KARAPATAN urged the Commission on Human Rights (CHR) to address squarely the violations of human rights and international humanitarian law (IHL) evident from the testimonies gathered from across the country during its inquiry on red-tagging.
Among those who gave testimonies on the first day of the CHR’s inquiry on red-tagging in Luzon on January 14, 2025 were women community leaders from Tondo, one of the urban poor communities in Metro Manila targeted for militarization since late 2022, when soldiers began occupying the area.
The CHR finished its inquiry in the Visayas and Mindanao in 2024.
The local women leaders in Tondo reported being red-tagged by the 11th Civil Military Operations Battalion of the Philippine Army and receiving unwanted late night visits from the soldiers, who would take their pictures without their permission. In one incident, they were told to gather to receive ayuda, but the event turned out to be a fake surrender ceremony.

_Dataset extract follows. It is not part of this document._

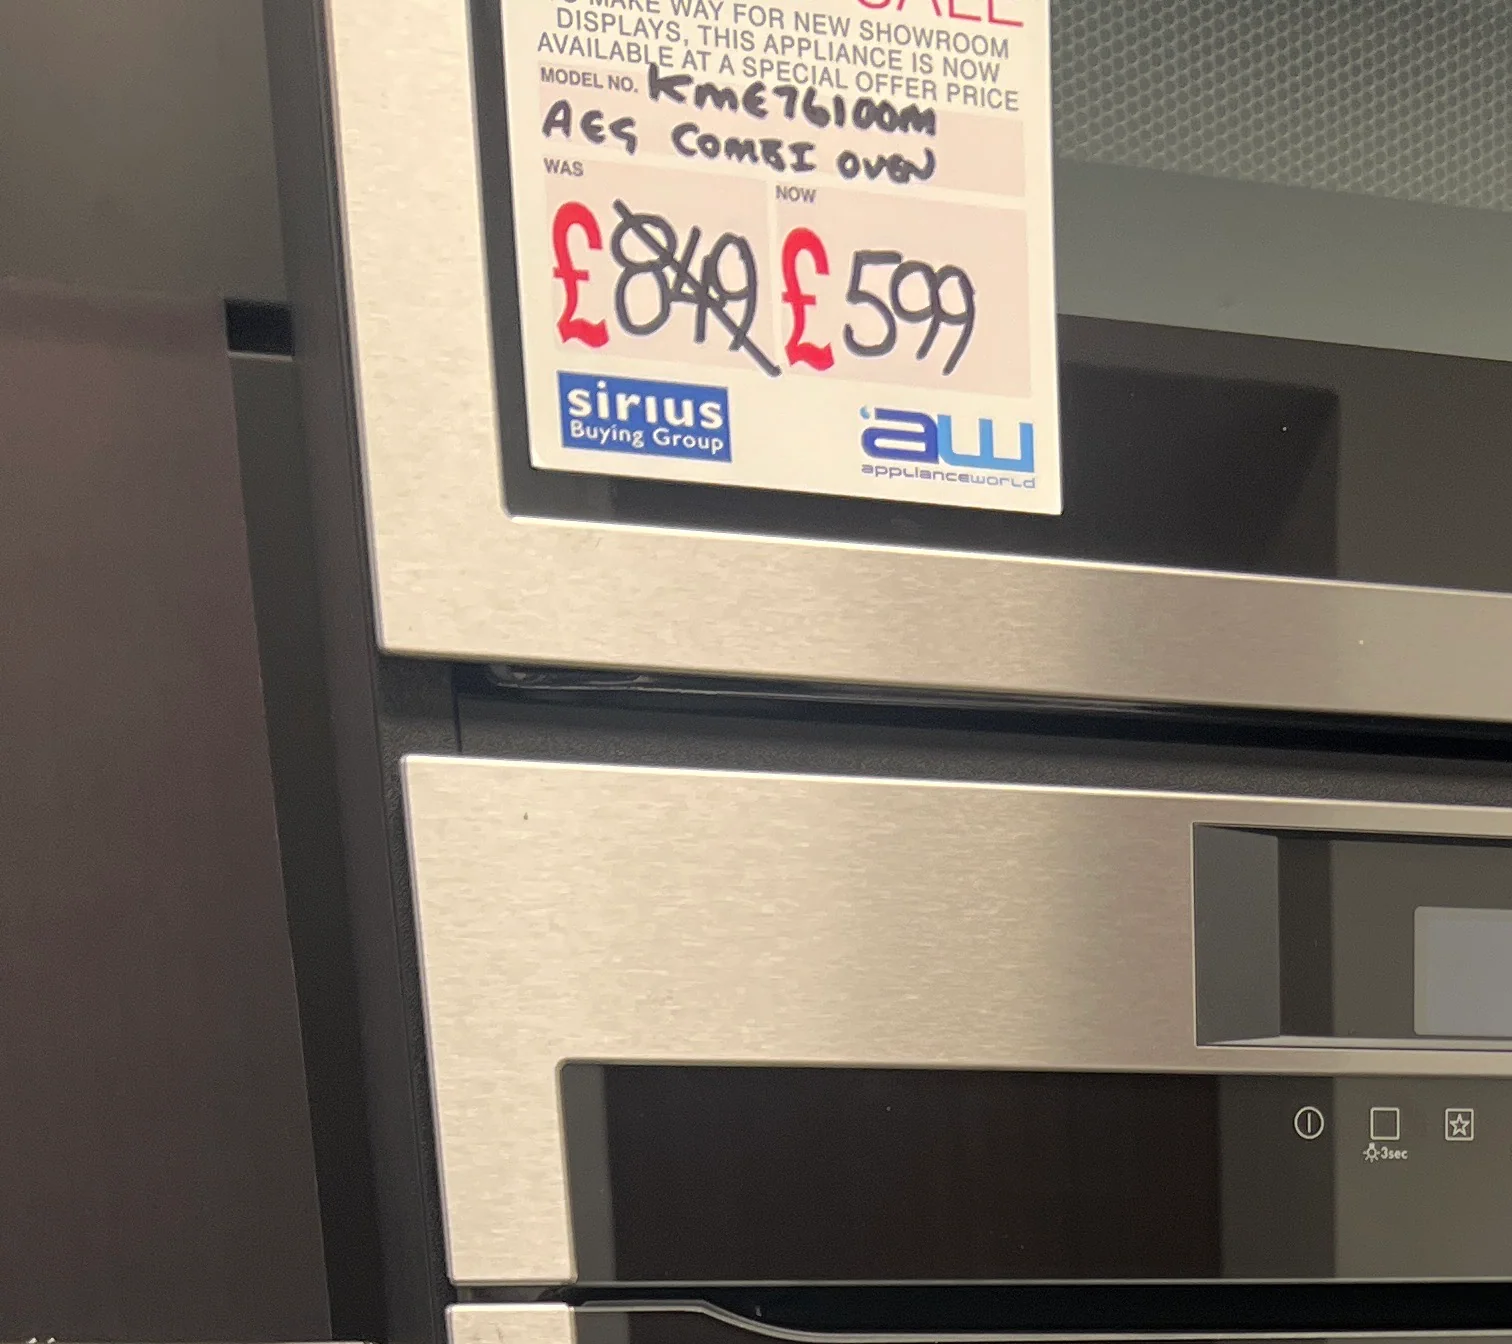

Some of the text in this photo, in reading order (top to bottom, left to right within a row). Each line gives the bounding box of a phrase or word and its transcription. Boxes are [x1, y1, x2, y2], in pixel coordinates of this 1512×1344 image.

The women leaders also complained that the soldiers, who are renting a house in Tondo, would often hold overnight drinking sessions and cause trouble in the community.
“As bad as these reports are,” said KARAPATAN secretary general Cristina Palabay, who also testified on being red- and terror-tagged, “remote villages in the countryside have it much worse because their communities and production areas are being subjected to aerial bombings and artillery attacks,” said Palabay. “De facto martial law exists as villagers suffer hamletting and food blockades.”
“Red- and terror-tagging and the graver violations of human rights and IHL do not occur in a vacuum, but are part and parcel of counter-insurgency operations in militarized communities,” stressed Palabay. “We call on the CHR to look into the deleterious effects that militarization in urban areas and the countryside has wrought on the people’s rights and welfare.”